README.md

March 30, 2025 · View on GitHub

CVPR 2025
Rethinking Few-Shot Adaptation of Vision-Language Models in Two Stages

Matteo Farina, Massimiliano Mancini, Giovanni Iacca and Elisa Ricci

Abstract. An old-school recipe for training a classifier is to (i) learn a good feature extractor and (ii) optimize a linear layer atop. When only a handful of samples are available per category, as in Few-Shot Adaptation (FSA), data are insufficient to fit a large number of parameters, rendering the above impractical. This is especially true with large pre-trained Vision-Language Models (VLMs), which motivated successful research at the intersection of Parameter-Efficient Fine-tuning (PEFT) and FSA. In this work, we start by analyzing the learning dynamics of PEFT techniques when trained on few-shot data from only a subset of categories, referred to as the “base” classes. We show that such dynamics naturally splits into two distinct phases: (i) task-level feature extraction and (ii) specialization to the available concepts. To accommodate this dynamic, we then depart from prompt- or adapter-based methods and tackle FSA differently. Specifically, given a fixed computational budget, we split it to (i) learn a task-specific feature extractor via PEFT and (ii) train a linear classifier on top. We call this scheme Two-Stage Few-Shot Adaptation (2SFS). Differently from established methods, our scheme enables a novel form of selective inference at a category level, i.e., at test time, only novel categories are embedded by the adapted text encoder, while embeddings of base categories are available within the classifier. Results with fixed hyperparameters across two settings, three backbones, and eleven datasets, show that 2SFS matches or surpasses the state-of-the-art, while established methods degrade significantly across settings.

Updates [dd/mm/yy]

[30/03/25] Code out! Also, check out our effort for reproducibility in Few-Shot Learning!
[07/03/25] ~~Code release happening soon! (ETA 2/3 weeks 😊)~~

Install Dependencies

Create a virtual environment with your preferred tools and install requirements via:

pip install -r deps/requirements.txt

The reported results were obtained with Python 3.10.8.

Get the Datasets

The repository requires datasets to be formatted as per the CoOp / CoCoOp guidelines. Please follow the instructions here to do so.

An Effort for Reproducibility in Few-Shot Learning

Few-Shot Learning is very sensitive to randomness in the few-shot training data, and ideally, methods are trained on the exact same subsets to keep track of progress in the field fairly. To account for the above, most previous repositories would generate a training/validation split after an initial seeding and pickle it.

However, to guarantee identical splits are generated across different repositories, not only a random seed but an identical random state at the time of sampling is required, which poses several risks and limits the usage of the random module throughout the repository.

In this repo, we make two changes:

Public splits.

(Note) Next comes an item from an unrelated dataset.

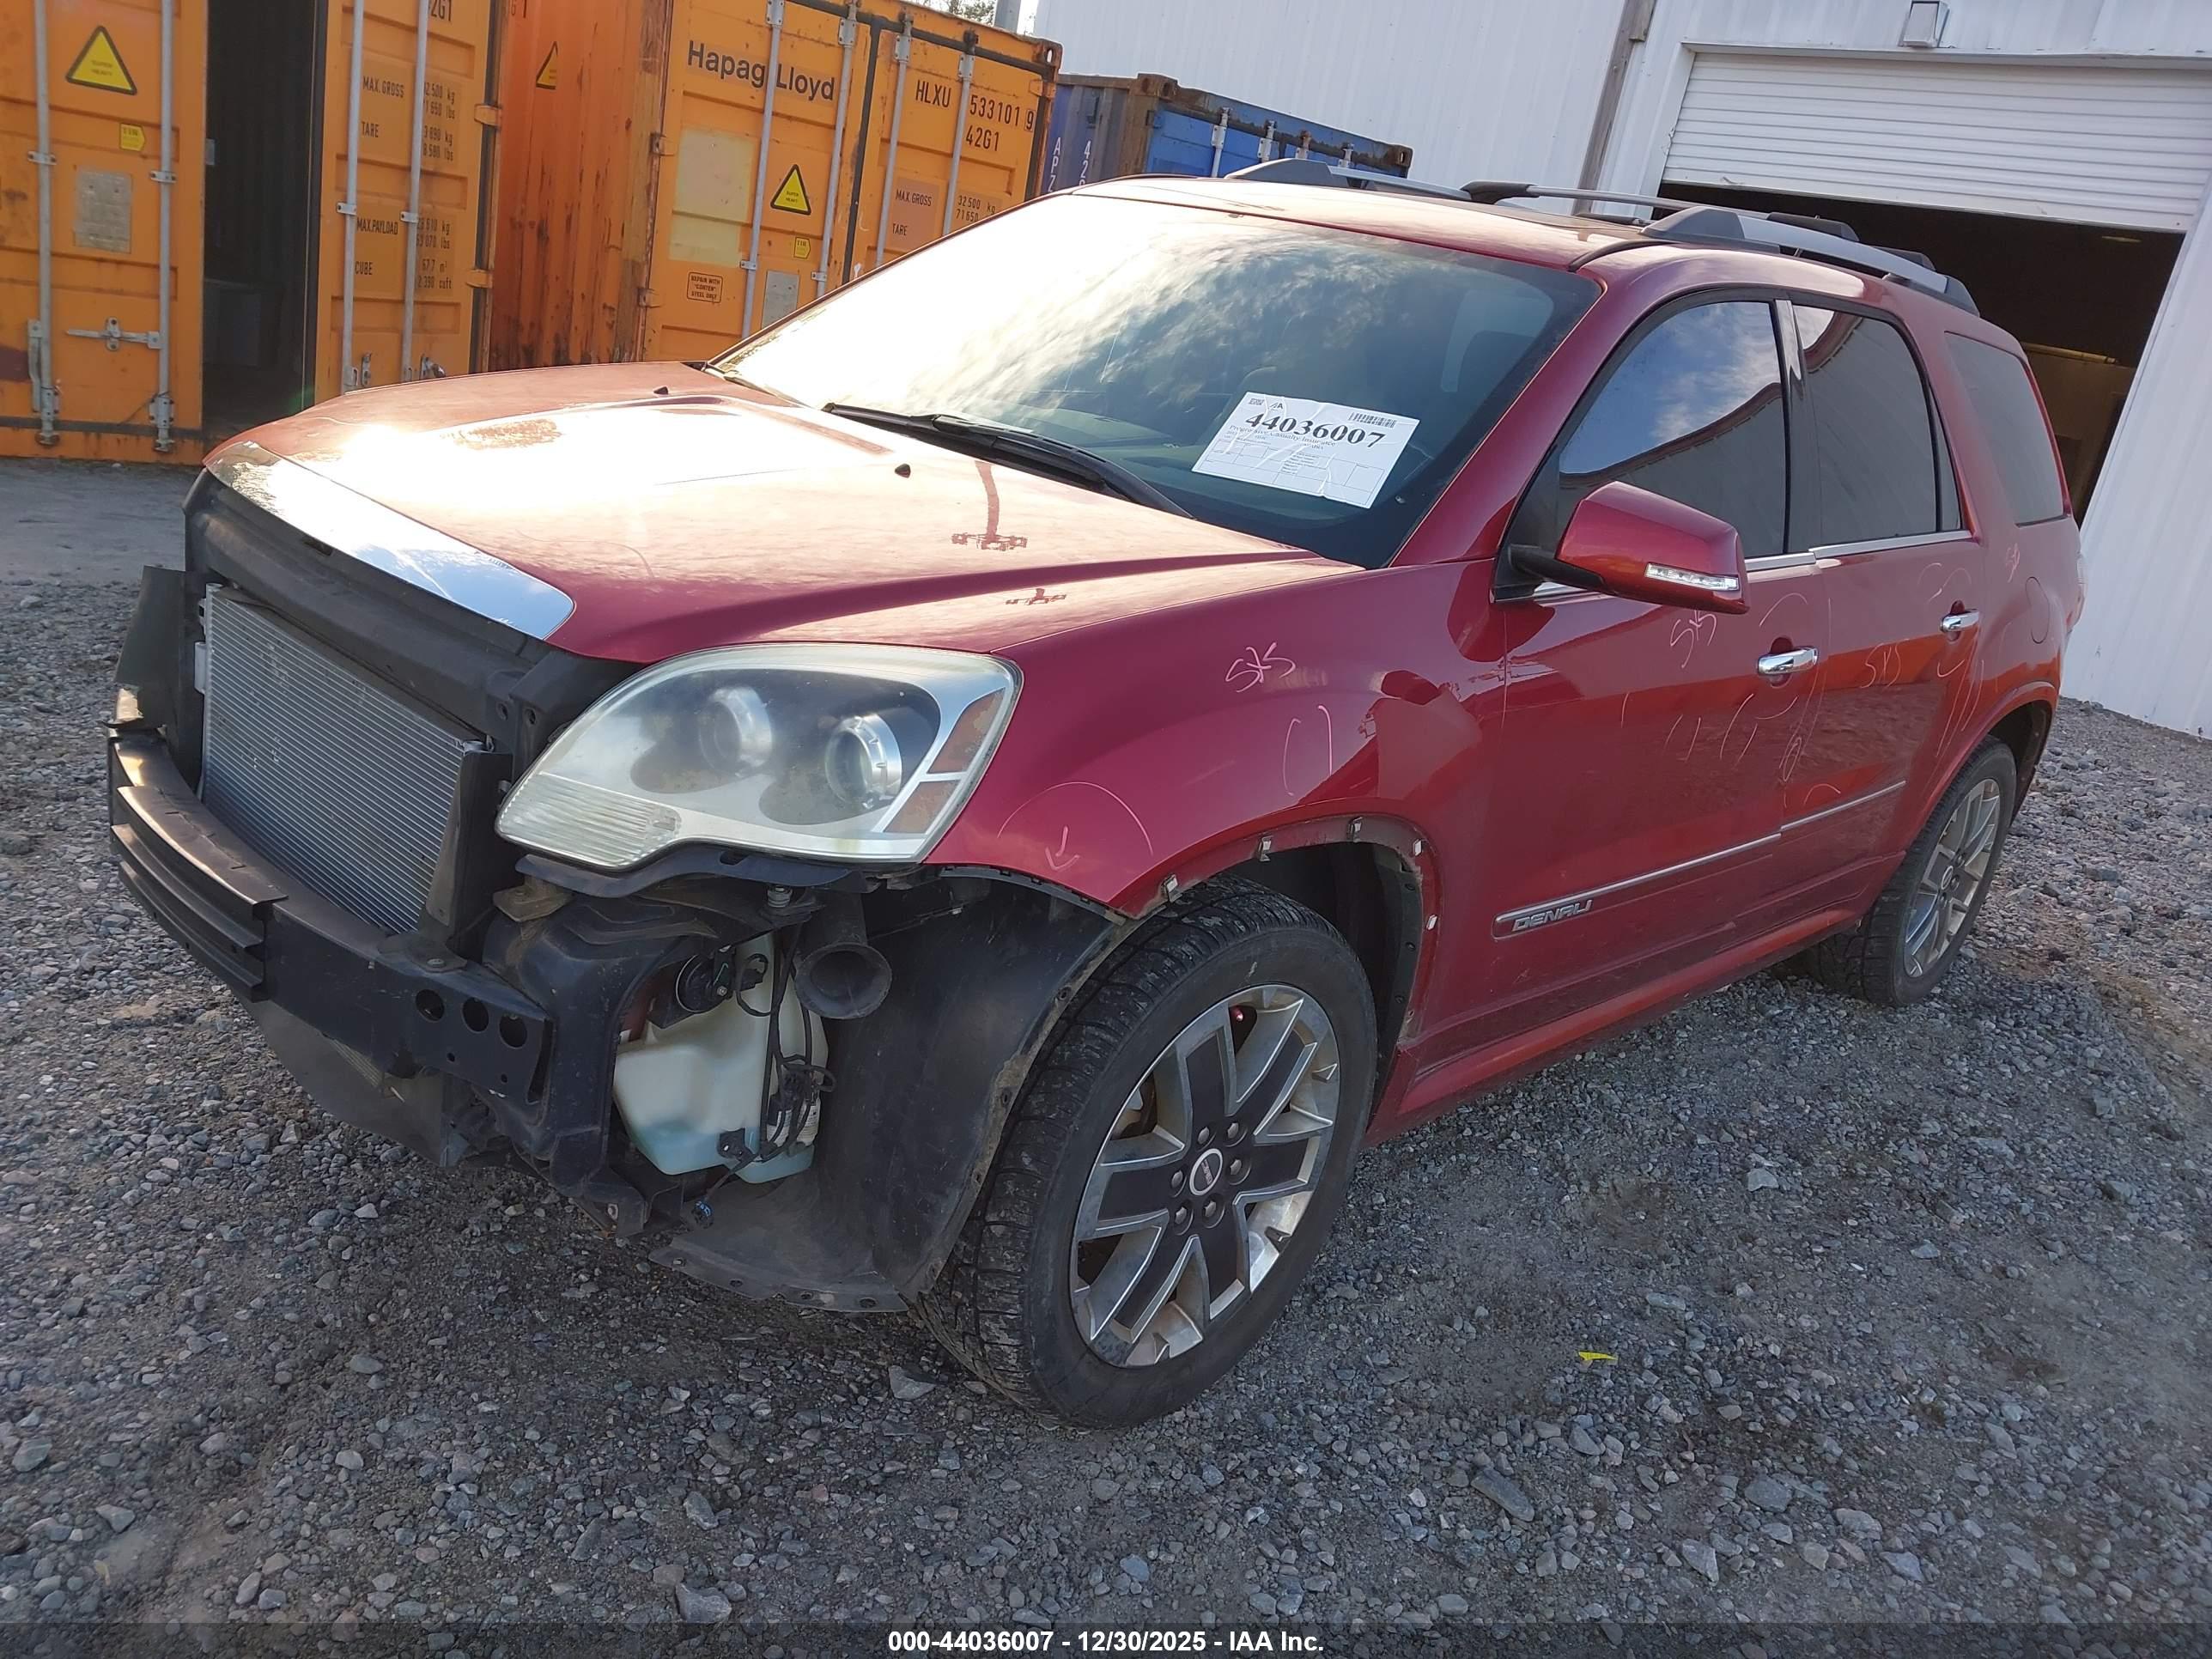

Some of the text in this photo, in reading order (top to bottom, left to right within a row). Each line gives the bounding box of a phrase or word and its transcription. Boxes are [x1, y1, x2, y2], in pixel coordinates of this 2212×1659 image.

To foster reproducibility, we openly release and distribute 165 exact splits that we sampled for Few-Shot Learning, corresponding to the combinations of 11 datasets, 3 seeds, and 5 shot availabilities.
Portable format. We release our splits in a more portable .jsonl format and move away from the dependency on Dassl;

We release our training splits here. To download and arrange them on disk automatically, run:

DATA_PATH=/your/datasets/root ./scripts/download_splits.sh

The DATA_PATH variable is intended to be the root of where your datasets are stored (i.e., the folder variable called $DATA in the official download instructions from the CoOp repository). You should now have .jsonl files in the split_fewshot subdirectory of each dataset, with splits for 1,2,4,8,16 shots.

Public results on public splits

Extended results for 2SFS-LayerNorm and CLIP-LoRA using the splits above are publicly released on Google Drive here (please, get in touch if you cannot access Google Drive!).

All experiments ran with 1 NVIDIA A100 Custom 64GB on the Leonardo Supercomputer, with both algorithms running with default and fixed hyperparameters, and were averaged over random seeds 1,2, and 3.

Few-Shot Learning!!

The entrypoint of this repository is main.py. Here is a snapshot of --help:

  --seed SEED
  --root_path ROOT_PATH
                        Root directory to where your datasets are stored.
  --shots SHOTS
  --dataset DATASET
  --batch_size BATCH_SIZE
  --test_batch_size TEST_BATCH_SIZE
  --workers WORKERS     num_workers for PyTorch Dataloaders
  --backbone BACKBONE
  --lr LR
  --wd WD
  --mode {cliplora,ln_only,twostage}
                        Choose which experiment to run. Choices are: 1. 'cliplora': will run CLIP-LoRA as per https://arxiv.org/abs/2405.18541; 2. 'ln_only': will do FSA by only tuning layer-
                        normalization instances according to --ln_modality and --norm_start; 3. (default) 'twostage': will run 2SFS, and you can customize it with the --peft, --n_iters and
                        --n_iters_frac arguments;
  --setting {standard,base2new}
                        Setting for the experiment. Set to 'standard' for all-to-all (train categories = eval categories) or 'base2new' otherwise.
  --debug DEBUG         Enable debugging mode (will run for a few iterations, then exit). Useful to check installation was successful.
  --results_dir RESULTS_DIR
                        Root folder to where your .csv results will be saved.
  --exp_name EXP_NAME   Experiment name (will be the basename of your .csv file).
  --n_iters N_ITERS     Shots Multiplier to get the total number of iterations. Denoted as M in the paper. Default=300.
  --n_iters_frac N_ITERS_FRAC
                        Fraction of iterations to allocate to stage 1, denoted as alpha in the paper. Default=0.6
  --peft {ln,lora,bitfit}
                        Parameter Efficient Fine-Tuning scheme to employ during the first stage when using 2SFS. Default: ln.
  --ln_modality {text,vision,both}
                        Whether to tune LayerNorm instances in only the vision, text, or both encoders. Default: 'both'.
  --ln_vision_start LN_VISION_START
                        Whether to only start tuning LayerNorm instances after a certain block of the vision encoder; Active if --ln_modality is 'both' or 'vision'. Default: 0 (tunes all
                        instances).
  --ln_text_start LN_TEXT_START
                        Same as --ln_vision_start, but for the text encoder (therefore, active if --ln_modality is 'both' or 'text'). Default: 0.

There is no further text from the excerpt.